:: WORK TO COMPLETE ::
Although the entries contain pictures, repeat only their words, exactly as written.

:: Free-text object descriptions ::
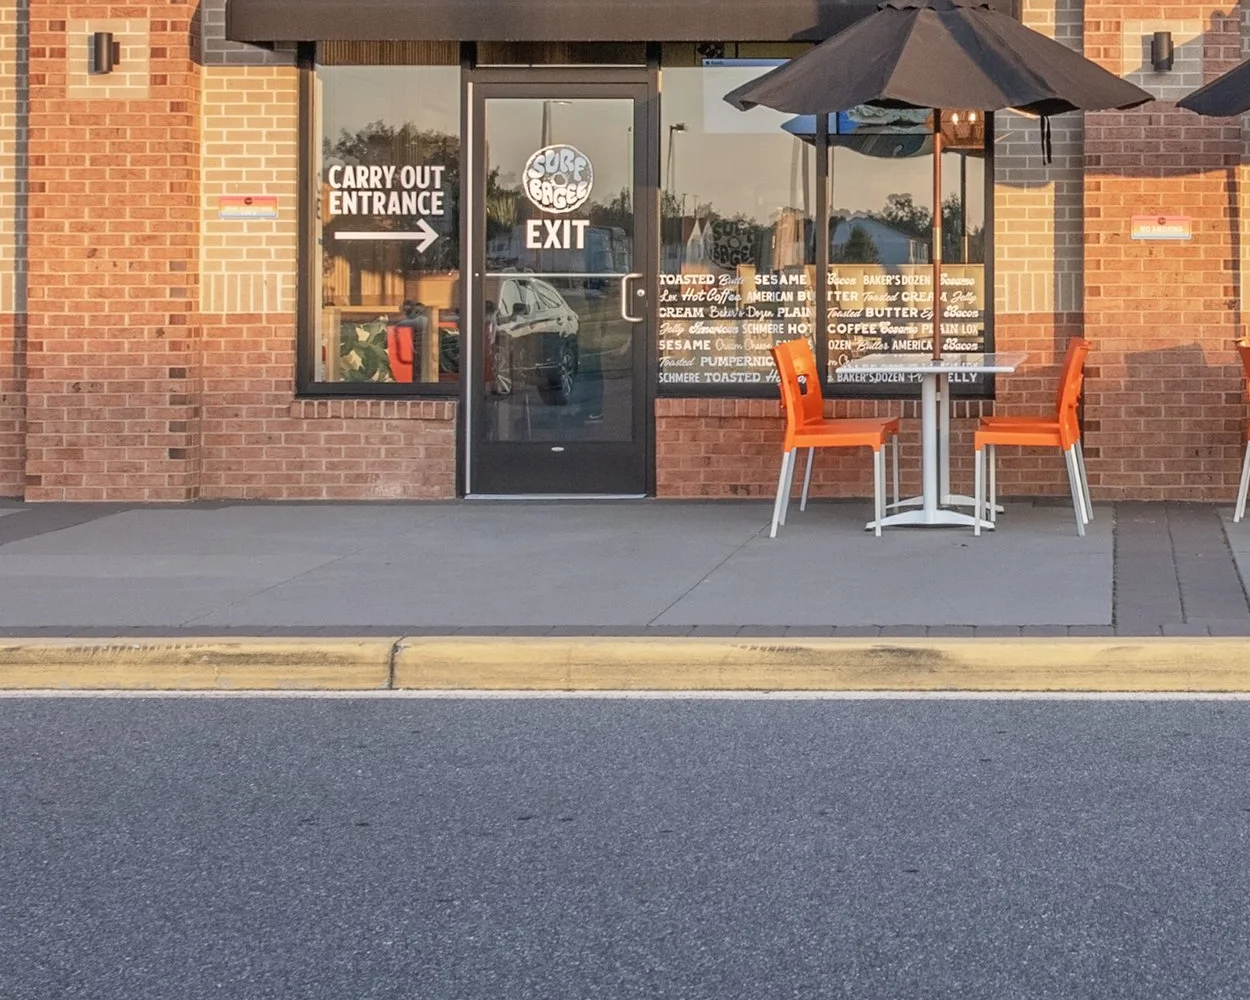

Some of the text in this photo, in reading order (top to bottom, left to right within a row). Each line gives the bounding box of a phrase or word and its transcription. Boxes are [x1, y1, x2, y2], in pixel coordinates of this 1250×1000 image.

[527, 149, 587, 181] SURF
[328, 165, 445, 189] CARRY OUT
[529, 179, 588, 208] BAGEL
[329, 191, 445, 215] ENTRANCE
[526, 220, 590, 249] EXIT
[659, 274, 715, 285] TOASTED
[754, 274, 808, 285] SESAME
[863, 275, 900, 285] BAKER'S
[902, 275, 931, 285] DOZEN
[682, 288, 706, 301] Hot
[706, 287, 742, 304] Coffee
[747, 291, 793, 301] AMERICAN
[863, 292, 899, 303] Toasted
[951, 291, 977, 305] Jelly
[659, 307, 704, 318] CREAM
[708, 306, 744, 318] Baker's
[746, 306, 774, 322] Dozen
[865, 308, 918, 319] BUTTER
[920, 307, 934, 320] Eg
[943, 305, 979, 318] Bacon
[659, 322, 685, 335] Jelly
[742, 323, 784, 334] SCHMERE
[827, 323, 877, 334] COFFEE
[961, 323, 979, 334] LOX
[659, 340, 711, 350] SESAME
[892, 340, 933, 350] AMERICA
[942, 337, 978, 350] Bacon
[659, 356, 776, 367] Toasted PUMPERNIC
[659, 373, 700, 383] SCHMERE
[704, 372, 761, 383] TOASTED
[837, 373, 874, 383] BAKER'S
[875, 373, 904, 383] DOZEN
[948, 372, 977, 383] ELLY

:: SOLUTION BELOW ::
Some of the text in this photo, in reading order (top to bottom, left to right within a row). Each line gives the bounding box of a phrase or word and its transcription. Boxes are [x1, y1, x2, y2], in pixel coordinates of this 1250×1000 image.

[527, 149, 587, 181] SURF
[328, 165, 445, 189] CARRY OUT
[529, 179, 588, 208] BAGEL
[329, 191, 445, 215] ENTRANCE
[526, 220, 590, 249] EXIT
[659, 274, 715, 285] TOASTED
[754, 274, 808, 285] SESAME
[863, 275, 900, 285] BAKER'S
[902, 275, 931, 285] DOZEN
[682, 288, 706, 301] Hot
[706, 287, 742, 304] Coffee
[747, 291, 793, 301] AMERICAN
[863, 292, 899, 303] Toasted
[951, 291, 977, 305] Jelly
[659, 307, 704, 318] CREAM
[708, 306, 744, 318] Baker's
[746, 306, 774, 322] Dozen
[865, 308, 918, 319] BUTTER
[920, 307, 934, 320] Eg
[943, 305, 979, 318] Bacon
[659, 322, 685, 335] Jelly
[742, 323, 784, 334] SCHMERE
[827, 323, 877, 334] COFFEE
[961, 323, 979, 334] LOX
[659, 340, 711, 350] SESAME
[892, 340, 933, 350] AMERICA
[942, 337, 978, 350] Bacon
[659, 356, 776, 367] Toasted PUMPERNIC
[659, 373, 700, 383] SCHMERE
[704, 372, 761, 383] TOASTED
[837, 373, 874, 383] BAKER'S
[875, 373, 904, 383] DOZEN
[948, 372, 977, 383] ELLY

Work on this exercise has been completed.